There are five main mapping components:

1. Layers

A layer is a collection of geometric elements and statistical transformations.

Geometric elements, known as “geoms” for short, represent what you actually see in the plot: points, lines, polygons, etc.

Statistical transformations, “stats” for short, summarise the data. For example, binning and counting observations to create a histogram, or plotting mean averages with error bars showing standard deviation.

2. Scales

Scales map values in the data to values in the aesthetics. This includes the axes, and the use of colour, shape, or size. Scales also draw the legend. Axes and legends make it possible to read the original data values from the aesthetic mappings on the plot.

3. Coordinates

A coordinate system, or “coord” for short, describes how data coordinates are mapped to the plane of the graphic. It also provides axes and gridlines to help read the graph.

4. Facets

A facet specifies how to break up and display subsets of data as small multiples. This is also occasionally referred to as conditioning, latticing, or trellising.

5. Theming

A theme controls the finer points of display, all the non-data ink like fonts and background colour. While the defaults in ggplot2 have been chosen with careful consideration, you may need to modify these to create an attractive plot.

The three essential elements for making a plot are data, aesthetics, and geometries. The remainder are optional layers. This series will mainly be concerned with these essential elements, as well as theming. We will cover the stats, coords and facet layers in a future intermediate ggplot2 series.

Setup

Make sure you’ve loaded the dplyr and ggplot2 packages that we will need for this tutorial. If you do not have these installed, you can do can do this first by removing the “#” at the start of each line and running the install.packages() functions, as shown.

## install packages

# install.packages("dplyr")
# install.packages("ggplot2")

## load packages

library("dplyr")
library("ggplot2")

Now, if we are going to learn how to make plots, we will need some data to work with, so let’s get a data set and load it into the R environment.

We’re going to use a data set formed from IMDb lists of top-rated horror, sci-fi and war movies. I described how to collect these data a few months ago when I wrote a series of posts on basic web scraping in R. Anyone that read my previous data visualisation-related post on prototyping graphs in R with the esquisse package will already have encountered this data set.

Go ahead and download the ready-to-use IMDb top rated data set from here.

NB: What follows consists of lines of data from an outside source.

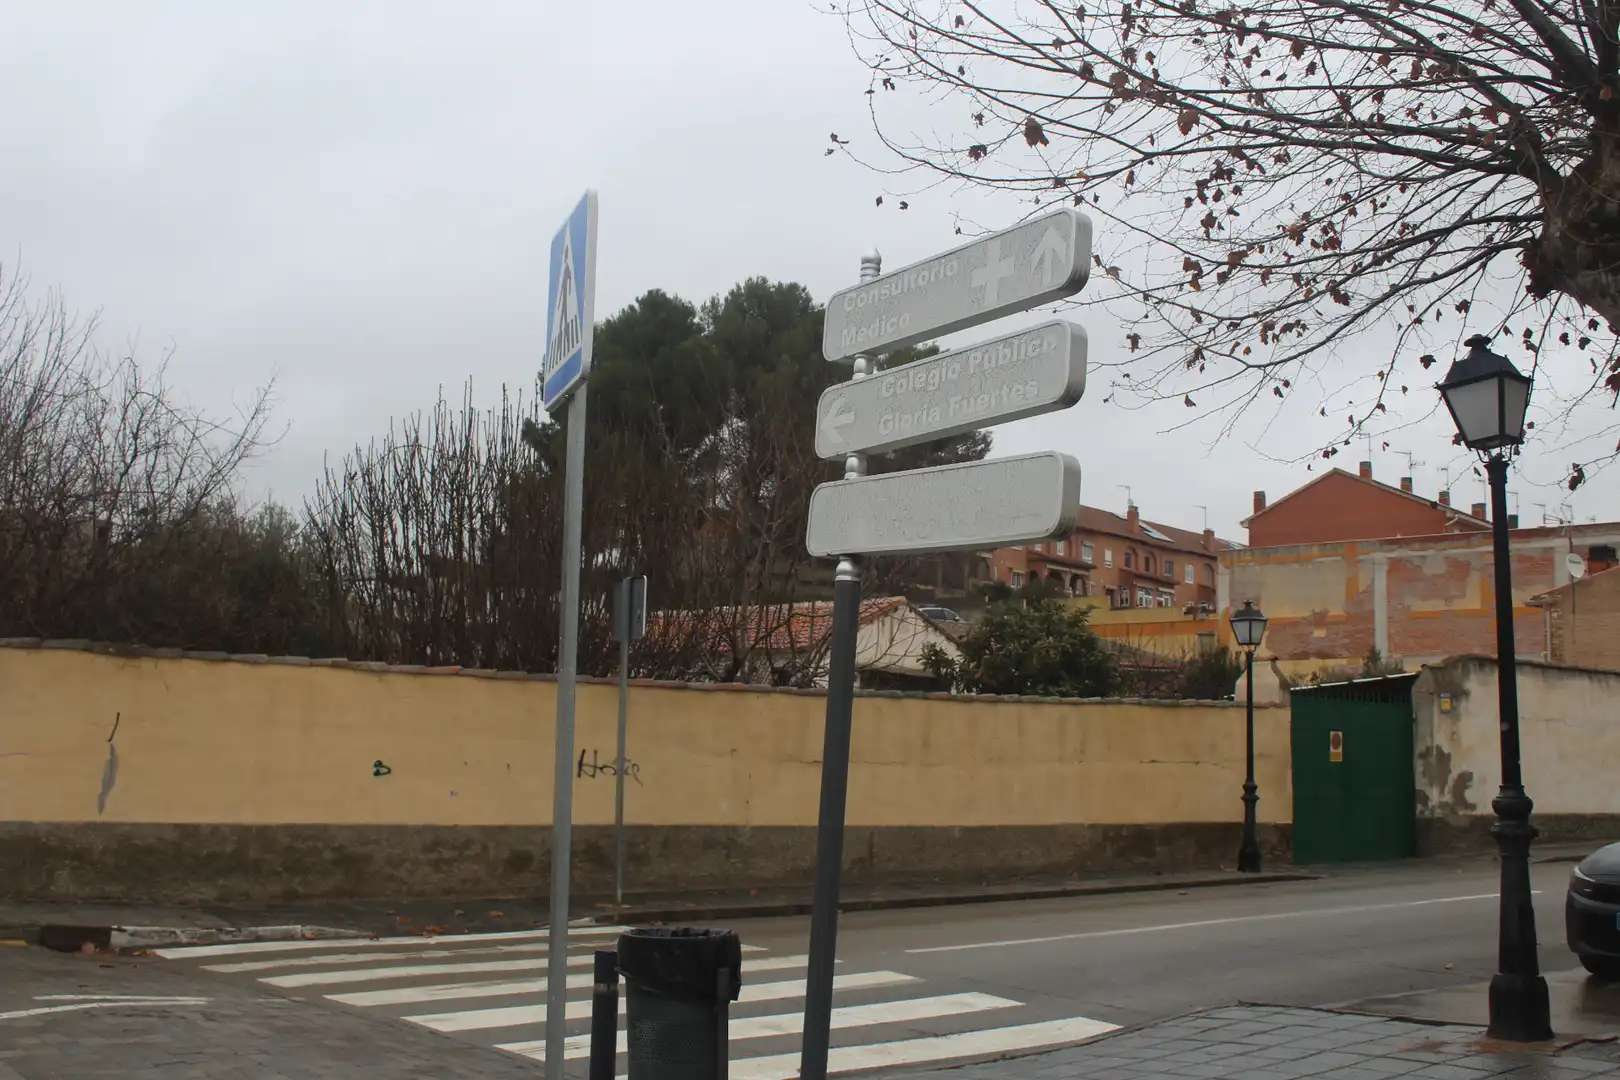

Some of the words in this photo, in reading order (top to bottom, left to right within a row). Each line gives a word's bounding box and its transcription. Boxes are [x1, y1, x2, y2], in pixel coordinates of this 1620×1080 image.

[880, 361, 961, 398] Colegio
[879, 404, 940, 436] Gloria
[949, 380, 1039, 418] Fuertes
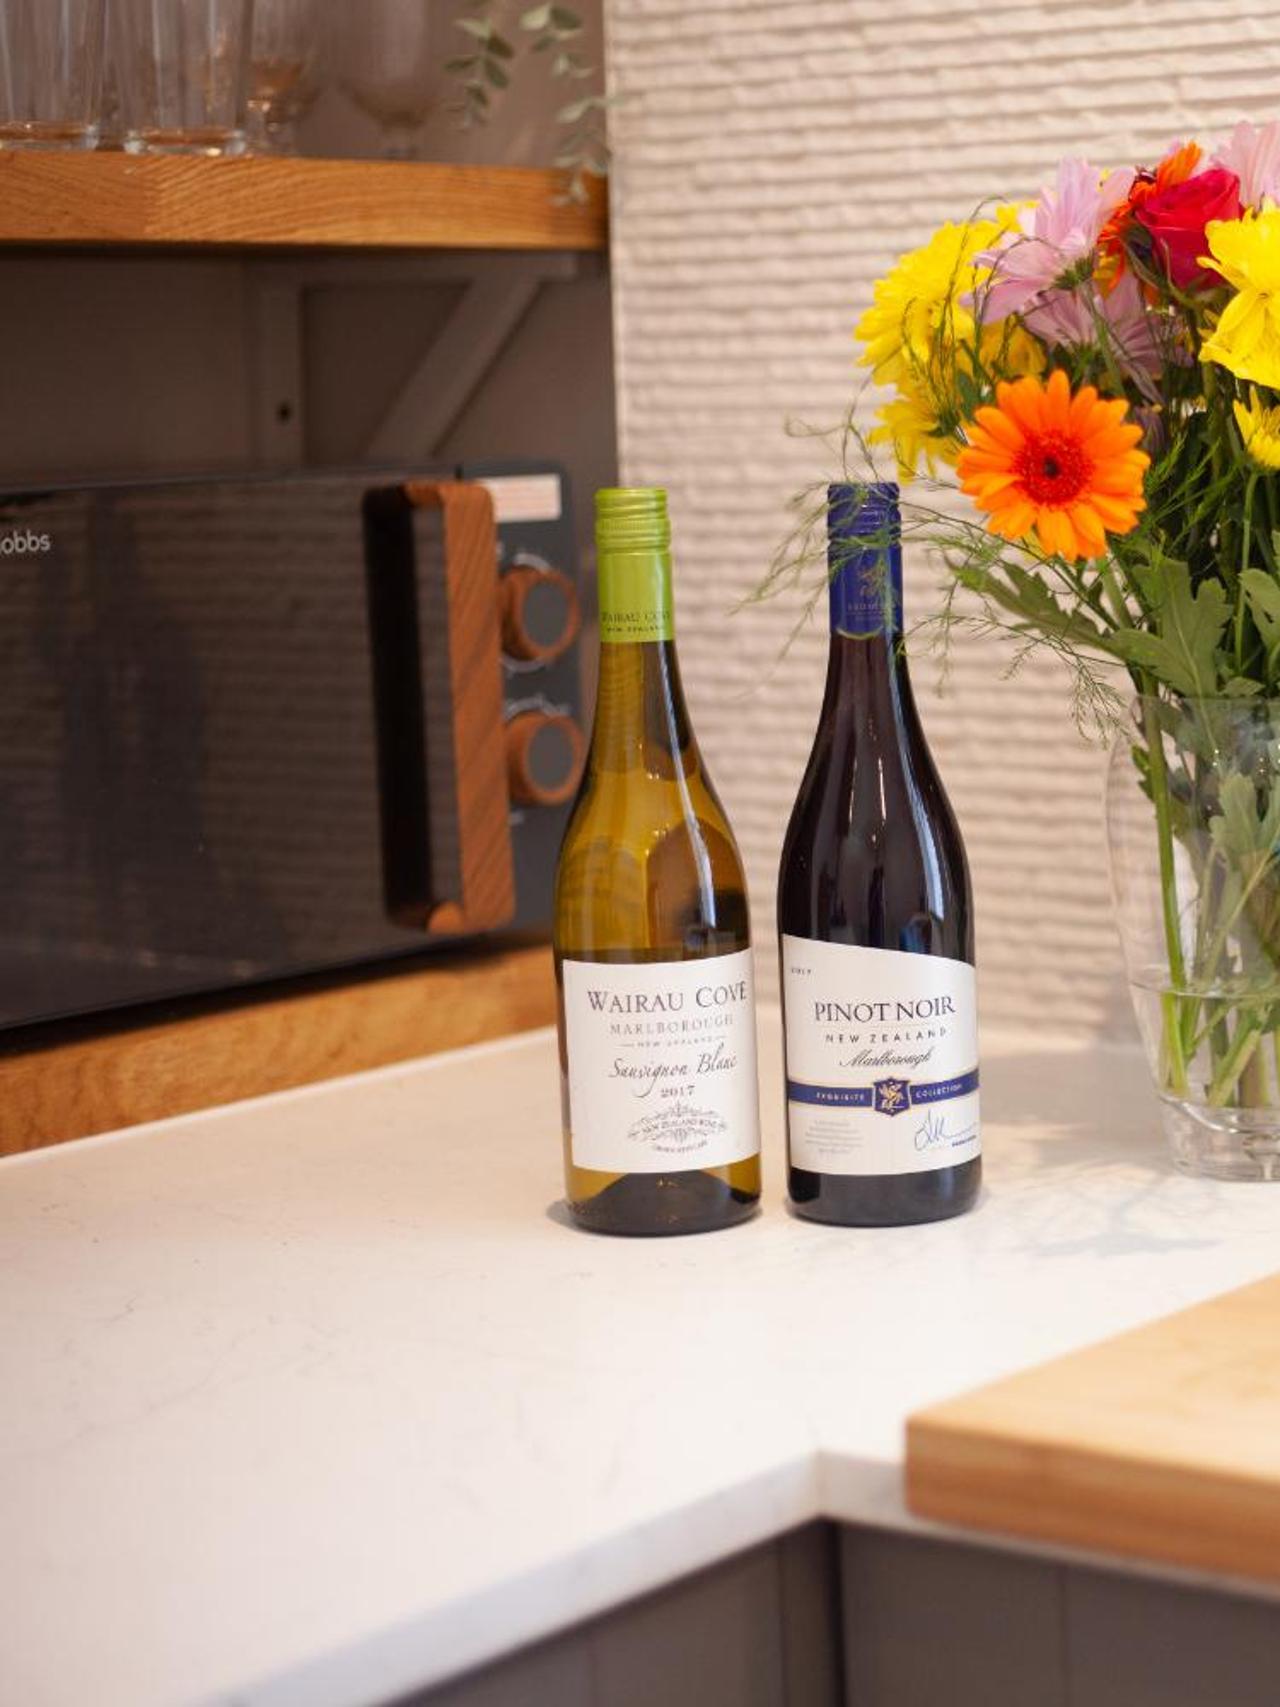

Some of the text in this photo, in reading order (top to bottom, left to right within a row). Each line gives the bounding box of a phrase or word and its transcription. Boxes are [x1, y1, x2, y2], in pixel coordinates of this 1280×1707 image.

[587, 980, 747, 1014] WAIRAU COVE
[813, 995, 957, 1023] PINOT NOIR
[609, 1013, 735, 1036] MARLBOROUGH
[826, 1026, 948, 1045] NEW ZEALAND
[838, 1046, 936, 1069] Marlborough
[608, 1042, 739, 1098] Sauvignon Blanc
[660, 1085, 696, 1099] 2017
[915, 1083, 963, 1099] COLLECTION
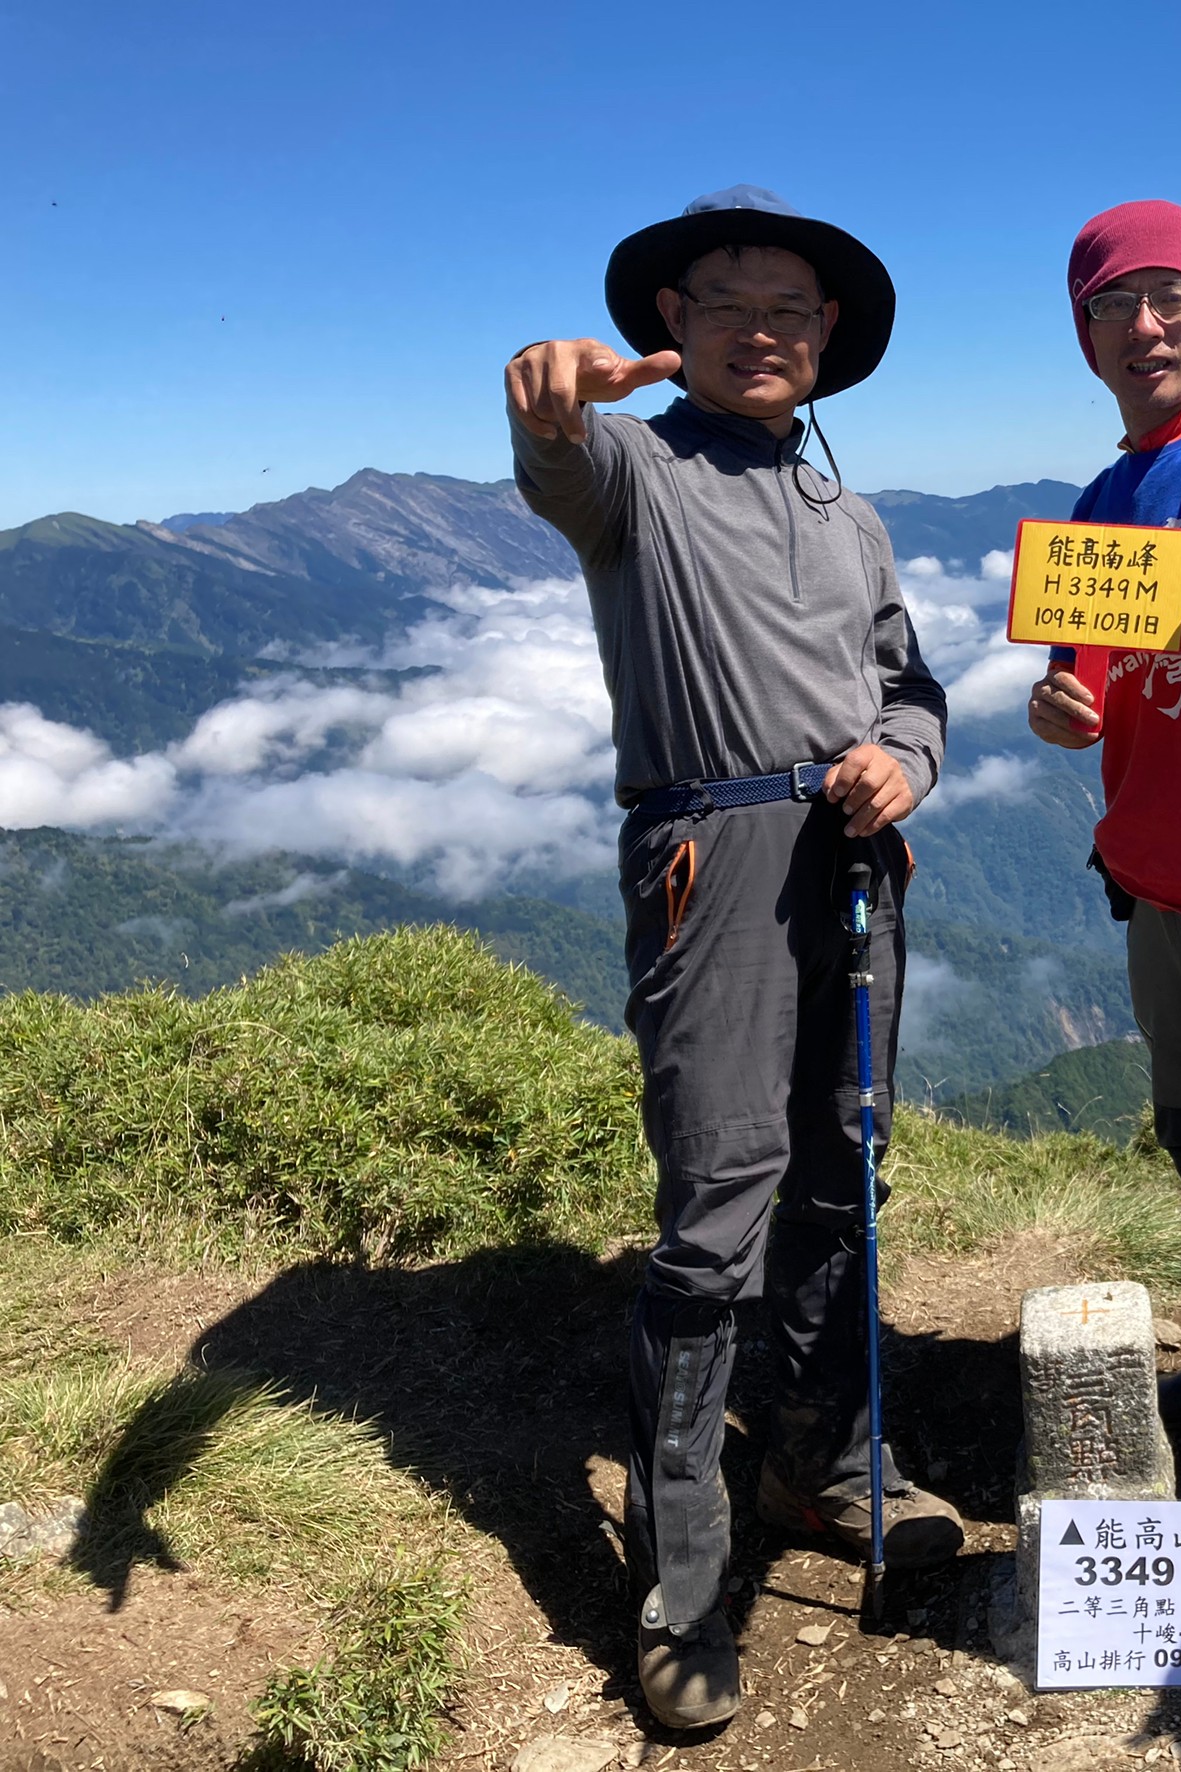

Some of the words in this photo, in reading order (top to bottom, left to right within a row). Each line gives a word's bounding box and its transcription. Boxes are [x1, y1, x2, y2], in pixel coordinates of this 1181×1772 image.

[1046, 534, 1159, 575] 能高南峰
[1034, 606, 1160, 635] 109年10月1日
[1074, 1555, 1175, 1586] 3349
[1057, 1595, 1175, 1618] 二等三角點
[1053, 1649, 1146, 1672] 高山排行

The file you’ve just downloaded is in one of the native R data formats, so we can simply use the load() function with the path to the file to make it available in our global environment. Here, I am going to load the file directly from my “Downloads” directory.

# load imdb top rated data set
load(file = file.path("~", "Downloads", "imdb_top_rated_clean.rds"))

If you don’t know how to use the file.path() function for writing paths in a platform-independent manner, I would recommend consulting the function’s help file using help(file.path) as it’s a really handy function to know.

The IMDb top rated data set currently has some rows with missing values that I intentionally left in for a future data cleaning tutorial; let’s go ahead and remove those.

# remove missing observations
imdb_data_clean <- imdb_data %>%
  filter(!is.na(gross_boxoffice)) %>%
  filter(!is.na(metascores))

We’re also going to simplify the data set by creating a summary data frame from which all the plots in this tutorial will be built; we want to focus on what’s going on in the plotting code here and not get distracted by the complexities of the data.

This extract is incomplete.